_MATERIAL TO PROCESS_.
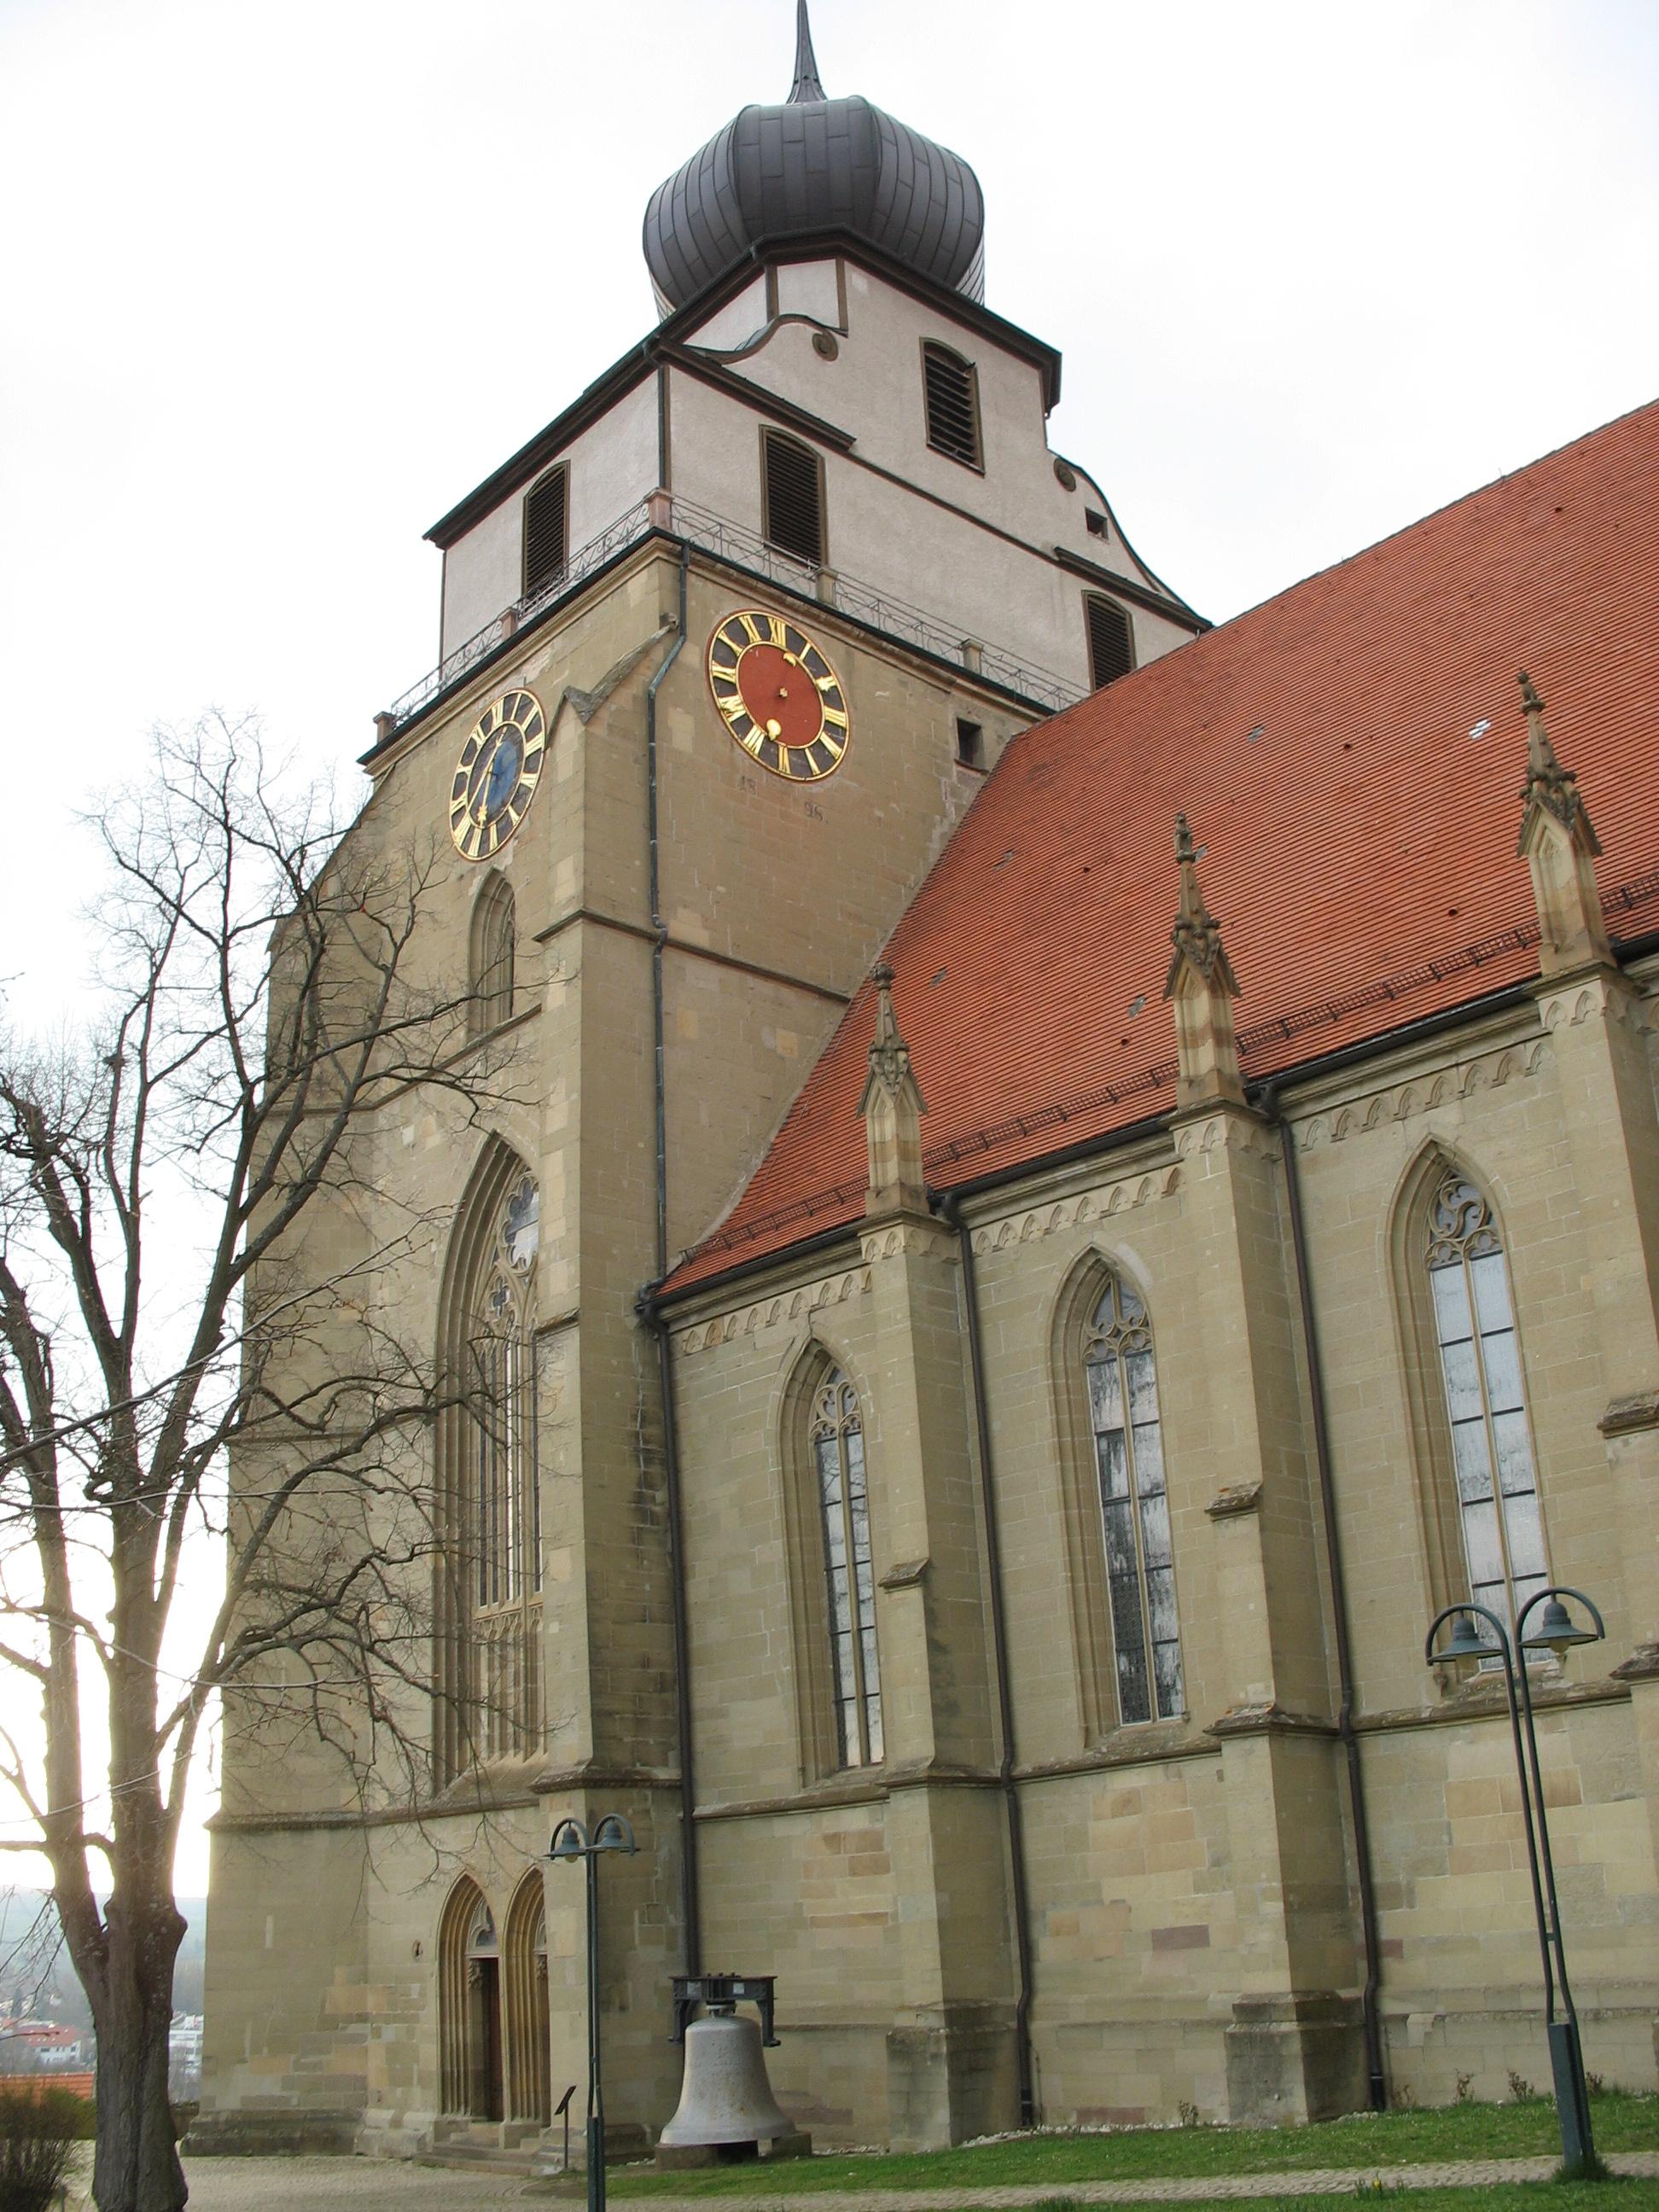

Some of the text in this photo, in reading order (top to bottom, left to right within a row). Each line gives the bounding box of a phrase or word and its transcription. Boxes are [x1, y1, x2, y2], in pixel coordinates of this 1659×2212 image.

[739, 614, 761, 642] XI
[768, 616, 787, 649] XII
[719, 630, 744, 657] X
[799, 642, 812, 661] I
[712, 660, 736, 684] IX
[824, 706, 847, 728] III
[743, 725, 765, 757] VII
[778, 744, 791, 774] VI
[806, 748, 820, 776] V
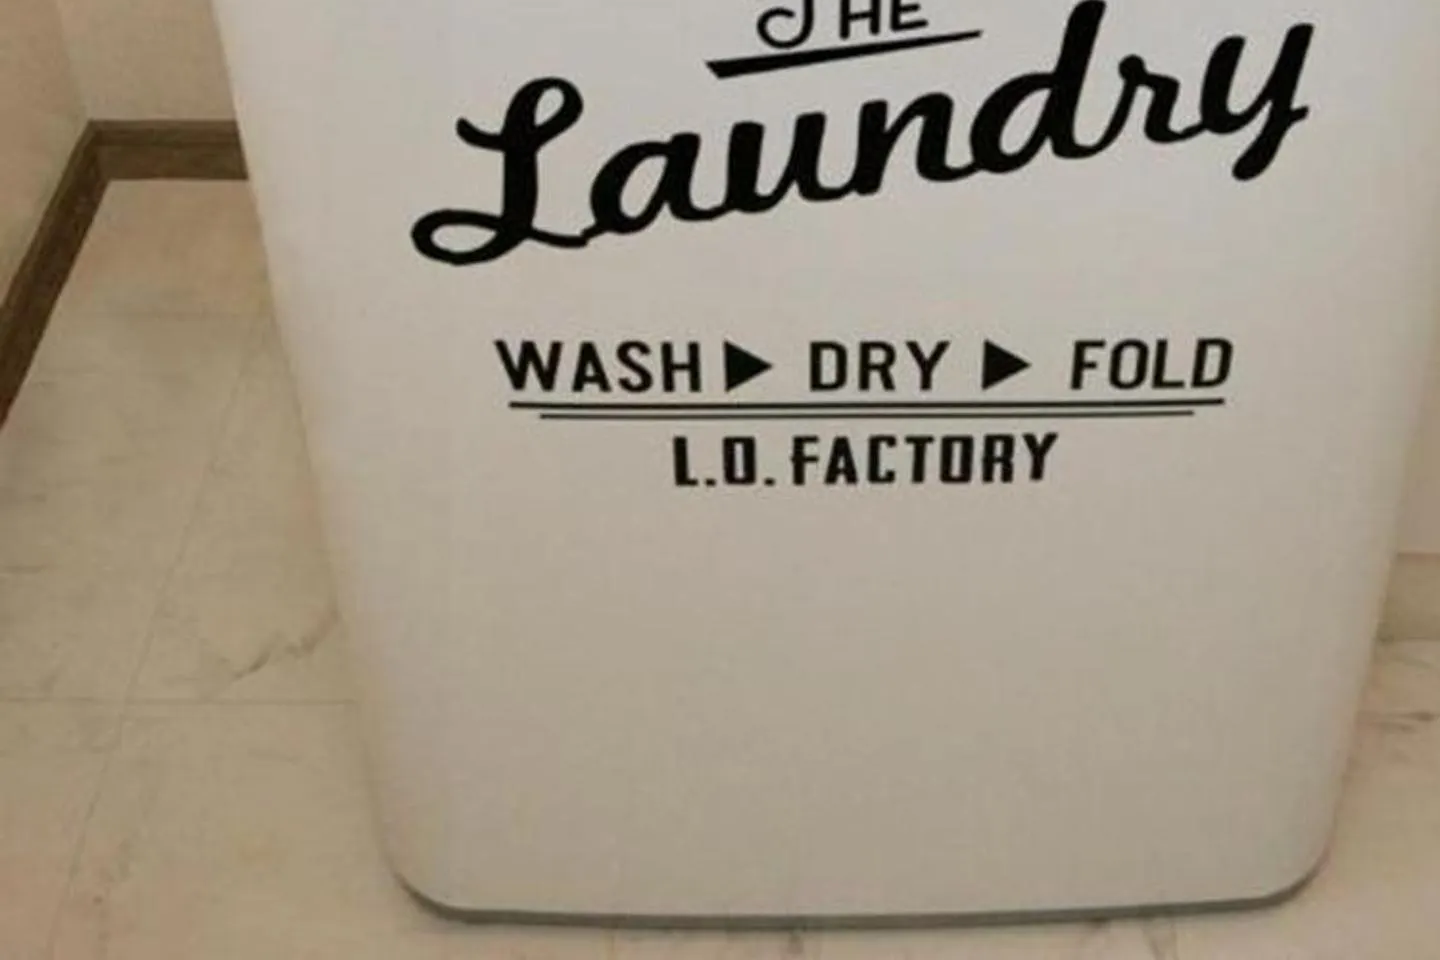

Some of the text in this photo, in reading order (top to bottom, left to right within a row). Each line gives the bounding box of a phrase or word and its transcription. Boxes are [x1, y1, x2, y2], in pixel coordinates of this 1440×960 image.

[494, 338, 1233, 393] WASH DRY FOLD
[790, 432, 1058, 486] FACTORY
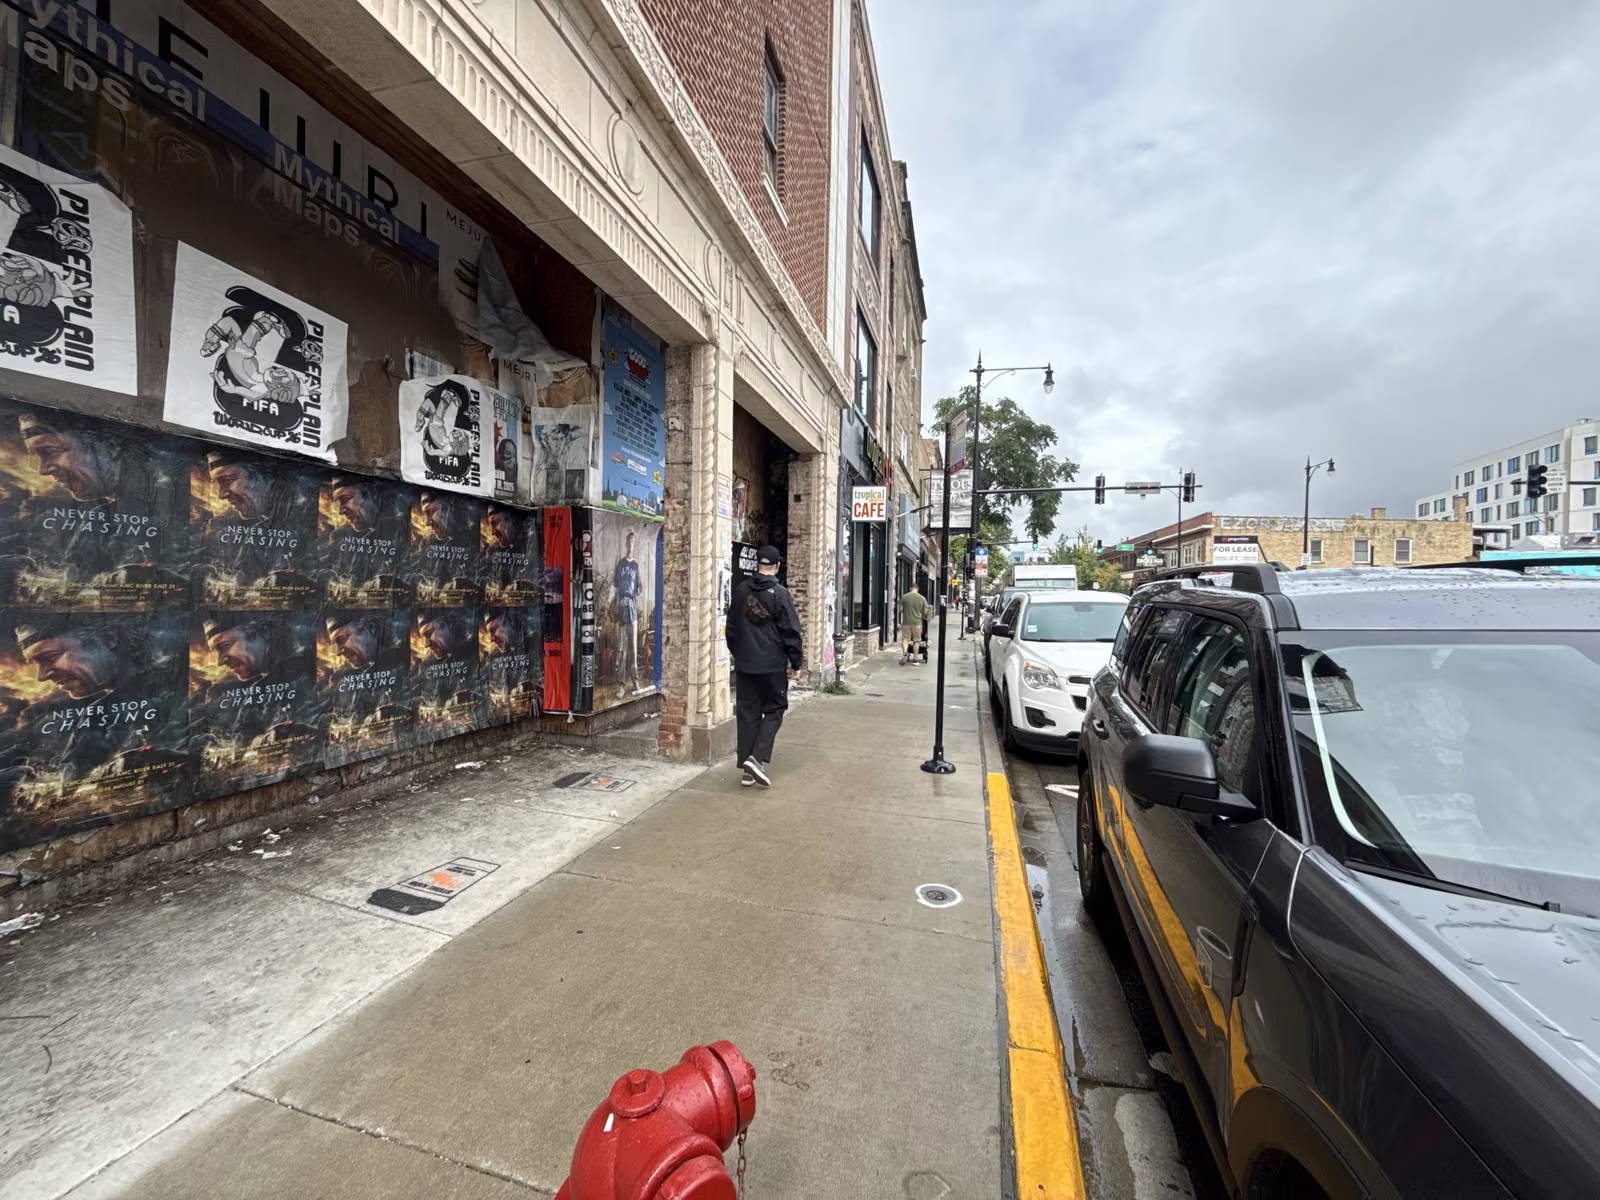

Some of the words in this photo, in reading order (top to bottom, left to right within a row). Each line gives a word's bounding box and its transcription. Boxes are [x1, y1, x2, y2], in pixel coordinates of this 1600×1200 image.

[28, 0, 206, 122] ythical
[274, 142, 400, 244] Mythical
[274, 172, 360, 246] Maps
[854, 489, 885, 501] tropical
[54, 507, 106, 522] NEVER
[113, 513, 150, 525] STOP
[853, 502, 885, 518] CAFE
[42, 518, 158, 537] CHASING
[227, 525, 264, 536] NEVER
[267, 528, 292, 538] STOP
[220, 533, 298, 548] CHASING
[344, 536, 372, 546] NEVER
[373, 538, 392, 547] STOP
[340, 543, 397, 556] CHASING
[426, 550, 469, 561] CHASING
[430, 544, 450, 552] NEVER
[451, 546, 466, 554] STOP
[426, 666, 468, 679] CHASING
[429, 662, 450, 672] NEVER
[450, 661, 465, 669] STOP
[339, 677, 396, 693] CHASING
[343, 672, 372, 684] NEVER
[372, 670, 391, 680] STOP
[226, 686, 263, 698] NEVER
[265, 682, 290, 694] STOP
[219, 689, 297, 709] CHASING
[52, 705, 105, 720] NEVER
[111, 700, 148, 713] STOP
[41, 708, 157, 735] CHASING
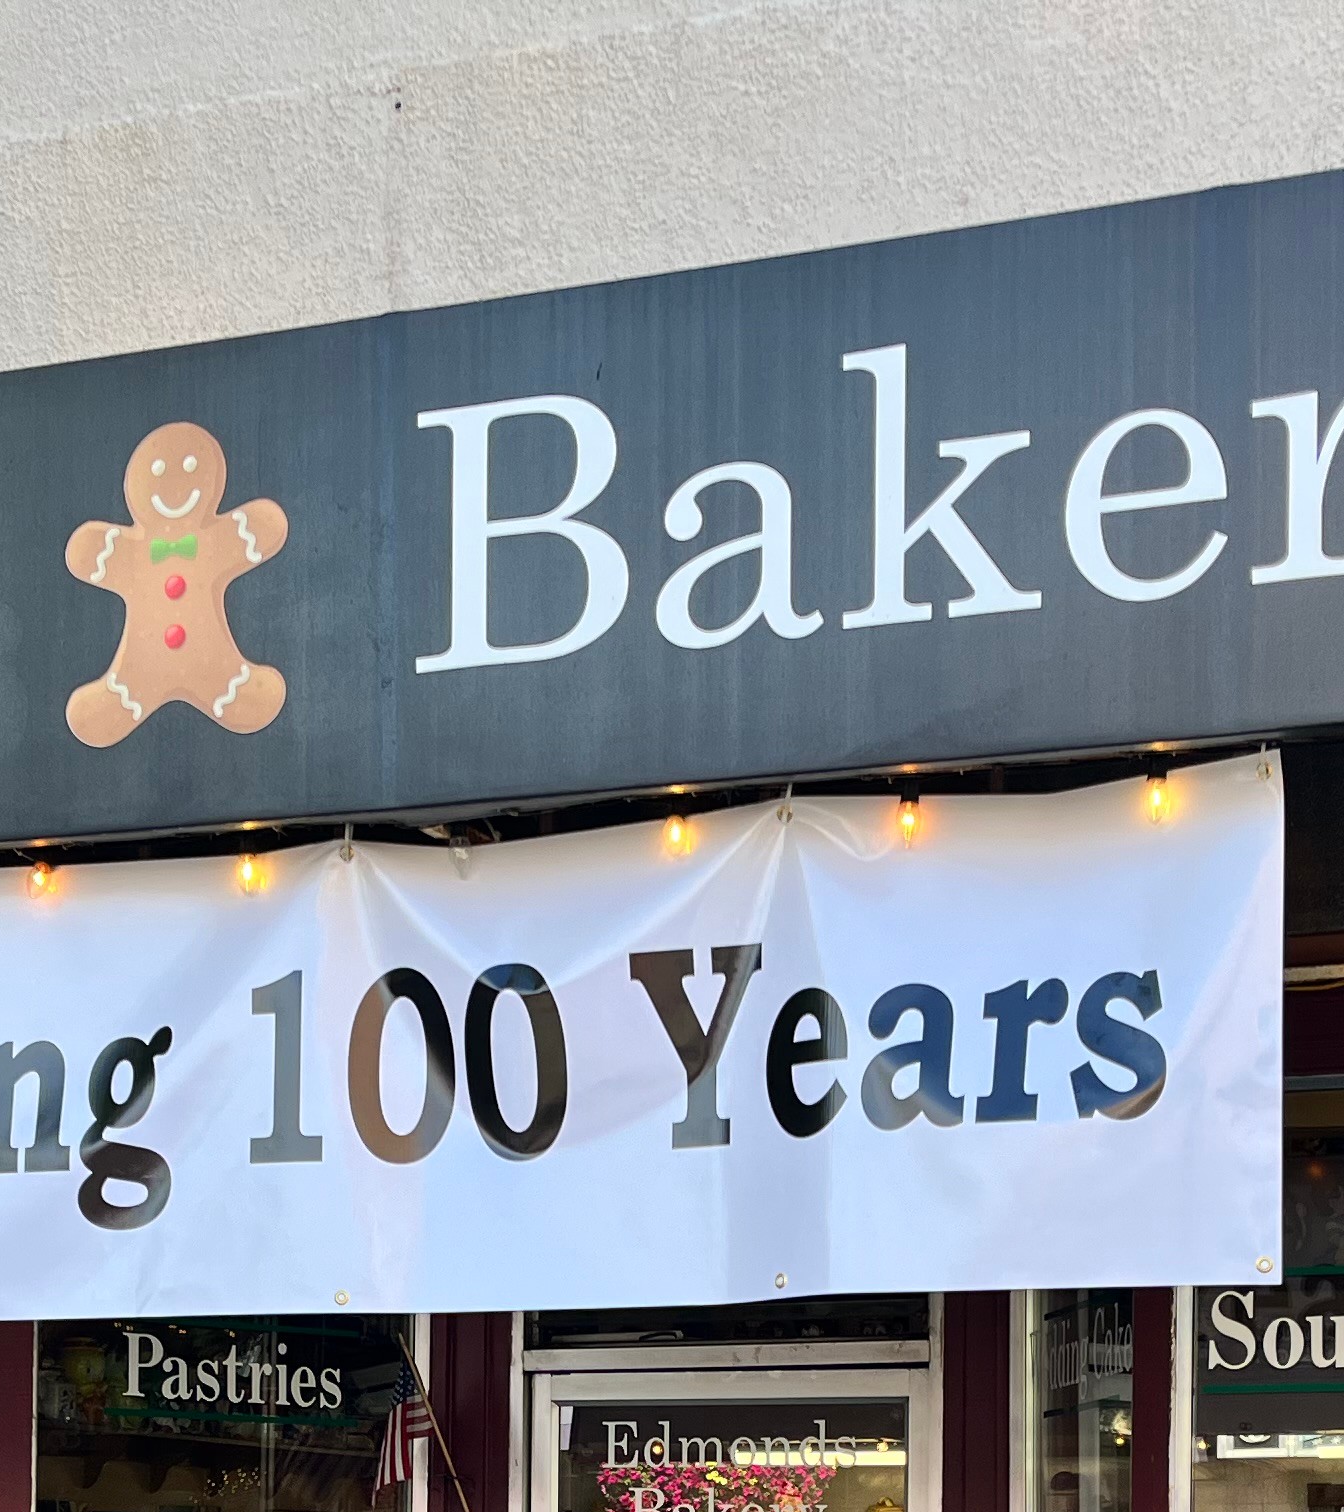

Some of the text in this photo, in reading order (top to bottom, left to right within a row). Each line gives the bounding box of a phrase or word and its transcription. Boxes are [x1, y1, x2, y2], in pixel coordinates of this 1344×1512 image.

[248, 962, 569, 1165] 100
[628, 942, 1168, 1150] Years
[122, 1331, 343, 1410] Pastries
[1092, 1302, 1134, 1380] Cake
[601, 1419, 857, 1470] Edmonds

_TASK OBJECTIVE_.
Repeat the entries exactly. Any picture is to be left out.

_RESPONSE AREA_.
Some of the text in this photo, in reading order (top to bottom, left to right within a row). Each line gives the bounding box of a phrase or word and its transcription. Boxes are [x1, y1, x2, y2], in pixel coordinates of this 1659×2212 image.

[739, 614, 761, 642] XI
[768, 616, 787, 649] XII
[719, 630, 744, 657] X
[799, 642, 812, 661] I
[712, 660, 736, 684] IX
[824, 706, 847, 728] III
[743, 725, 765, 757] VII
[778, 744, 791, 774] VI
[806, 748, 820, 776] V

Some of the text in this photo, in reading order (top to bottom, left to right within a row). Each line gives the bounding box of a phrase or word and its transcription. Boxes are [x1, y1, x2, y2], in pixel coordinates of this 1440×960 image.

[494, 338, 1233, 393] WASH DRY FOLD
[790, 432, 1058, 486] FACTORY

Some of the words in this photo, in reading order (top to bottom, left to right within a row). Each line gives a word's bounding box and its transcription. Boxes are [x1, y1, x2, y2], in pixel coordinates of this 1600×1200 image.

[28, 0, 206, 122] ythical
[274, 142, 400, 244] Mythical
[274, 172, 360, 246] Maps
[854, 489, 885, 501] tropical
[54, 507, 106, 522] NEVER
[113, 513, 150, 525] STOP
[853, 502, 885, 518] CAFE
[42, 518, 158, 537] CHASING
[227, 525, 264, 536] NEVER
[267, 528, 292, 538] STOP
[220, 533, 298, 548] CHASING
[344, 536, 372, 546] NEVER
[373, 538, 392, 547] STOP
[340, 543, 397, 556] CHASING
[426, 550, 469, 561] CHASING
[430, 544, 450, 552] NEVER
[451, 546, 466, 554] STOP
[426, 666, 468, 679] CHASING
[429, 662, 450, 672] NEVER
[450, 661, 465, 669] STOP
[339, 677, 396, 693] CHASING
[343, 672, 372, 684] NEVER
[372, 670, 391, 680] STOP
[226, 686, 263, 698] NEVER
[265, 682, 290, 694] STOP
[219, 689, 297, 709] CHASING
[52, 705, 105, 720] NEVER
[111, 700, 148, 713] STOP
[41, 708, 157, 735] CHASING

Some of the text in this photo, in reading order (top to bottom, left to right within a row). Each line gives the bounding box of a phrase or word and its transcription. Boxes are [x1, y1, x2, y2], in pixel coordinates of this 1344×1512 image.

[248, 962, 569, 1165] 100
[628, 942, 1168, 1150] Years
[122, 1331, 343, 1410] Pastries
[1092, 1302, 1134, 1380] Cake
[601, 1419, 857, 1470] Edmonds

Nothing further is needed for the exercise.